Top of DATA SUPPLIED
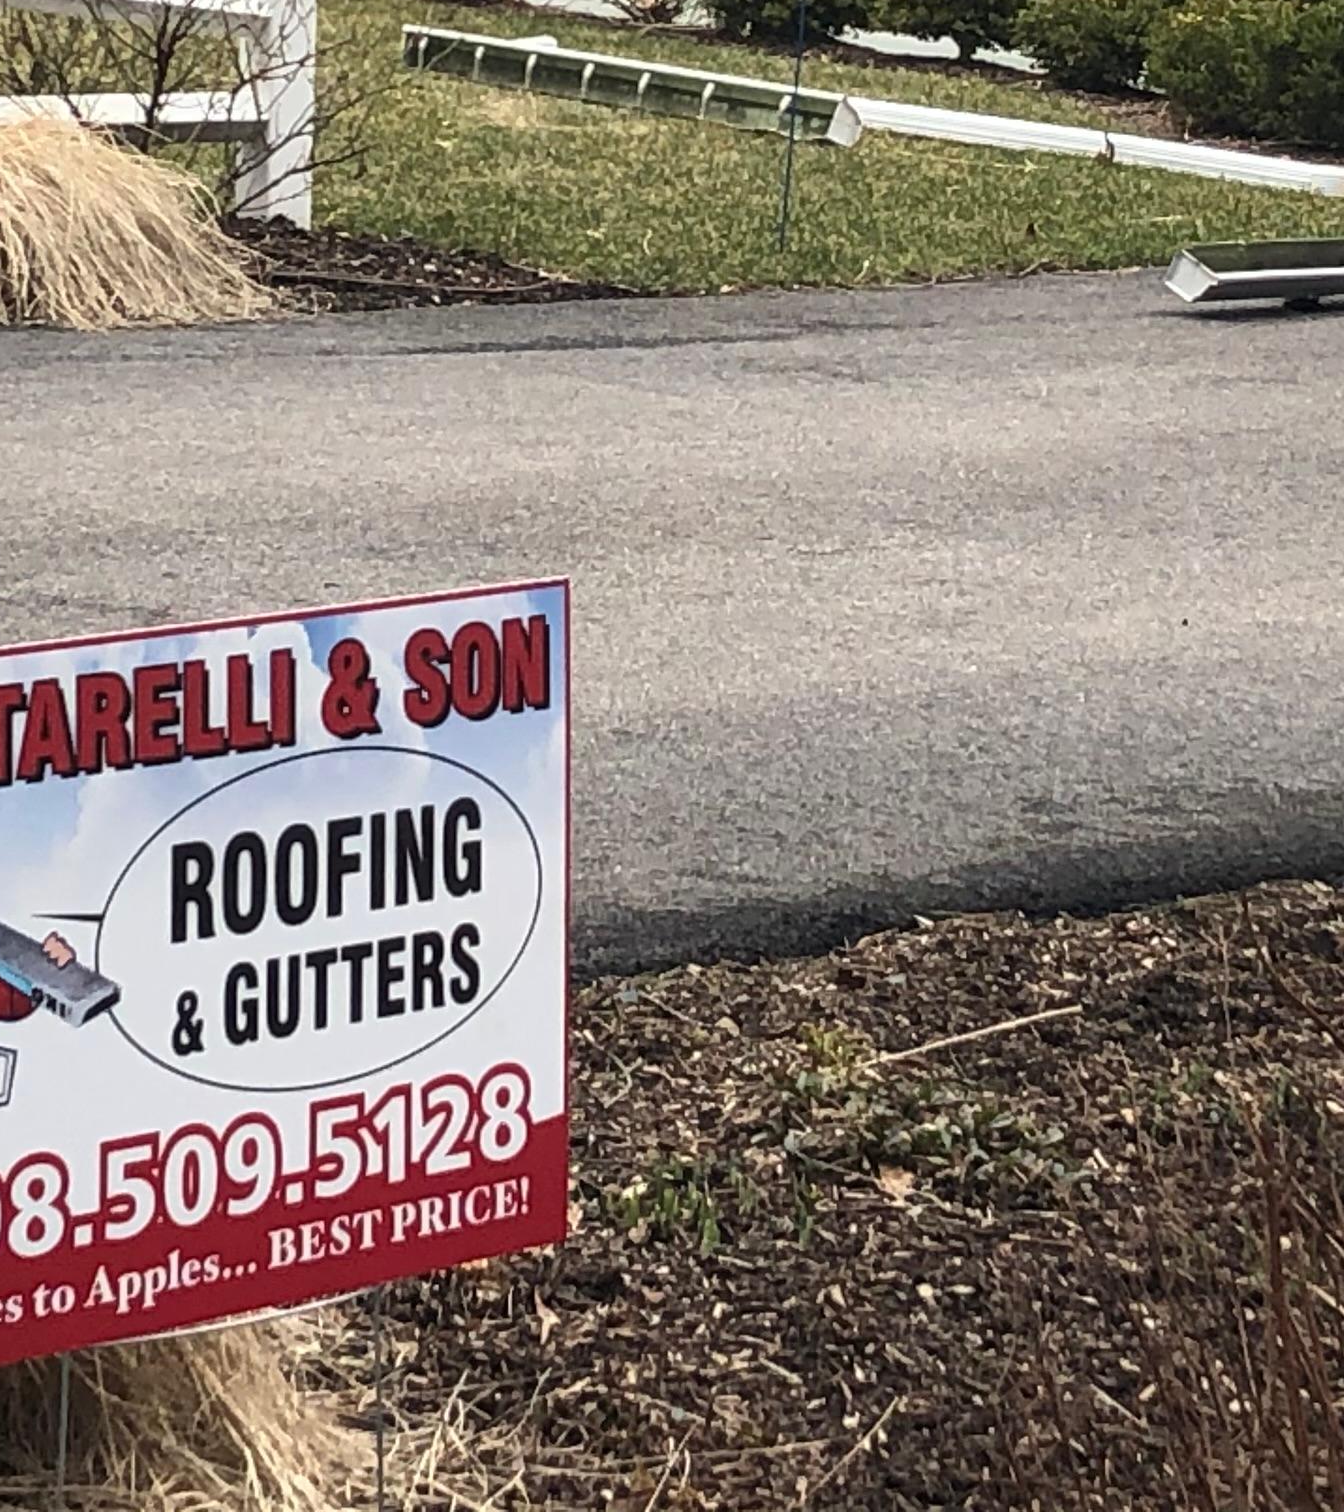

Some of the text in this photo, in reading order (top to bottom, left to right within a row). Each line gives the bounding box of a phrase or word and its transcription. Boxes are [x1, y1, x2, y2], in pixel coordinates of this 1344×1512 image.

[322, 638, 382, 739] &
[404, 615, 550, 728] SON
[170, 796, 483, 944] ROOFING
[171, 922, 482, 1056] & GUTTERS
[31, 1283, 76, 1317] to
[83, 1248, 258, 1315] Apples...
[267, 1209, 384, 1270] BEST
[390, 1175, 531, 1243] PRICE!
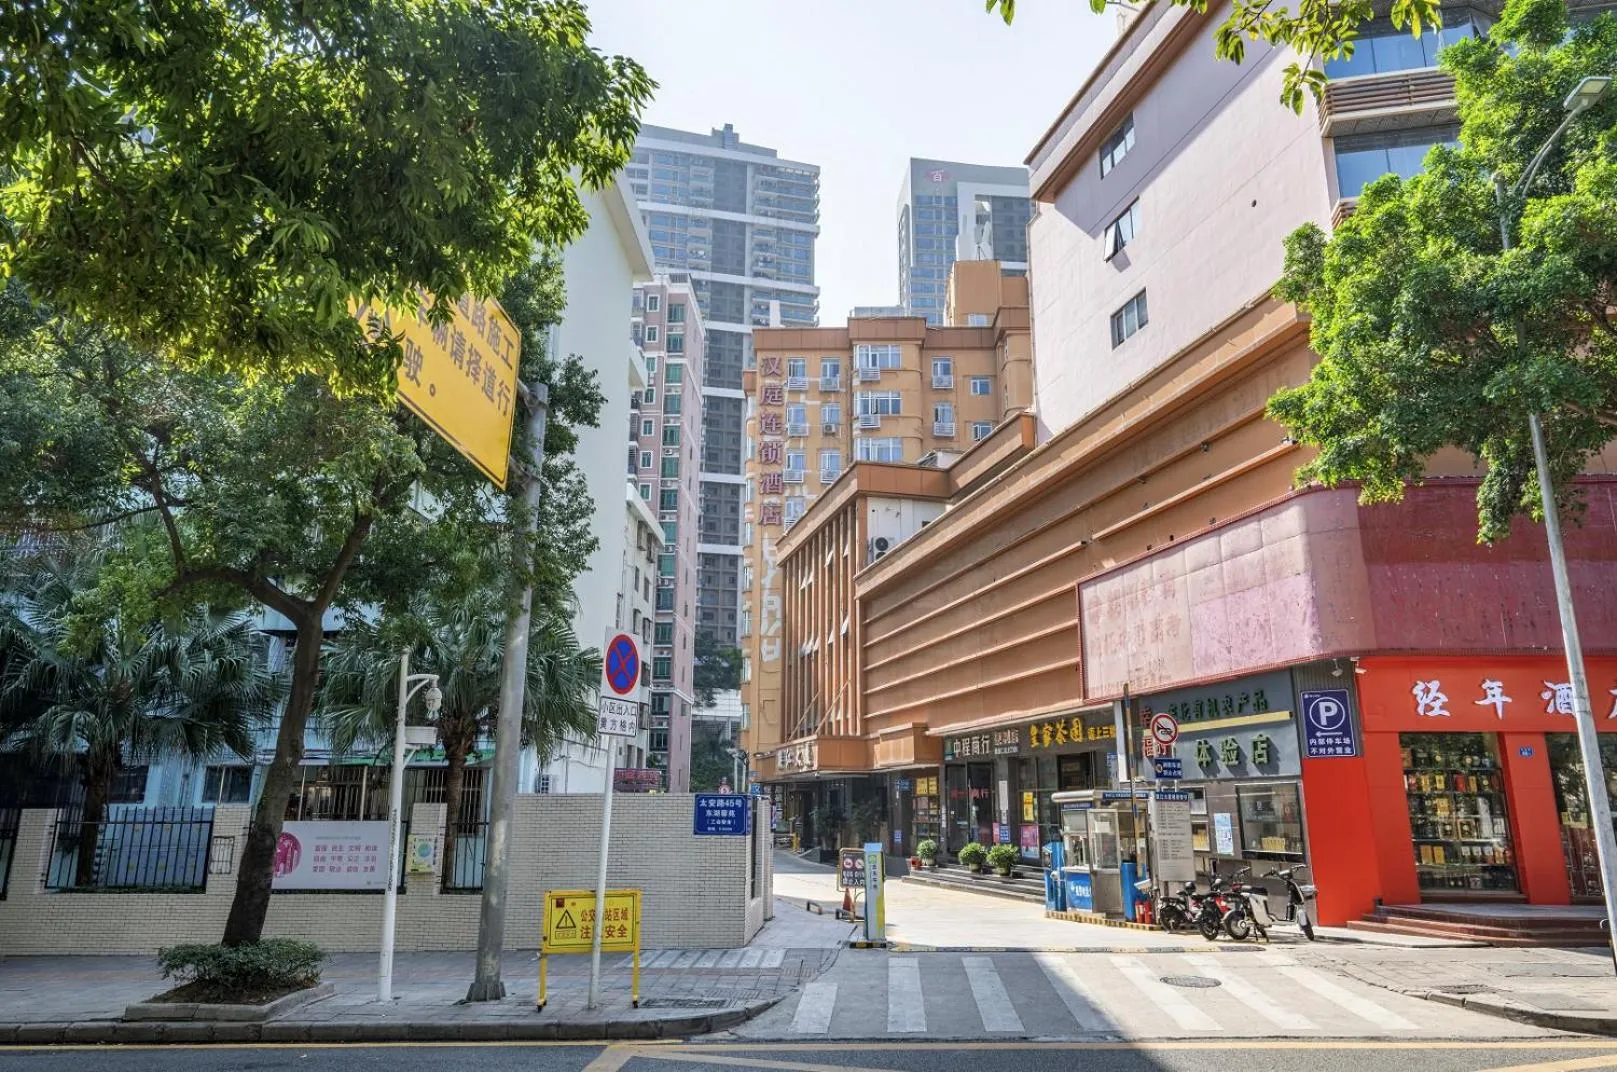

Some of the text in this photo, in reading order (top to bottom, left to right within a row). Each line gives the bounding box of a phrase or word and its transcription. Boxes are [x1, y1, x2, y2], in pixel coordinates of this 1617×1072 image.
Bottom of DATA SUPPLIED
## BRIEF
Apart from the pictures, write every entry out again exactly.

## OUTPUT OF THE EXERCISE
Some of the text in this photo, in reading order (top to bottom, left to right within a row). Each line gives the bounding box of a phrase or word and its transcription. Boxes are [x1, y1, x2, y2], in pixel coordinates of this 1344×1512 image.

[322, 638, 382, 739] &
[404, 615, 550, 728] SON
[170, 796, 483, 944] ROOFING
[171, 922, 482, 1056] & GUTTERS
[31, 1283, 76, 1317] to
[83, 1248, 258, 1315] Apples...
[267, 1209, 384, 1270] BEST
[390, 1175, 531, 1243] PRICE!

Some of the text in this photo, in reading order (top to bottom, left to right within a row). Each line gives the bounding box of a phrase or word and its transcription. Boxes are [x1, y1, x2, y2], in pixel coordinates of this 1617×1072 image.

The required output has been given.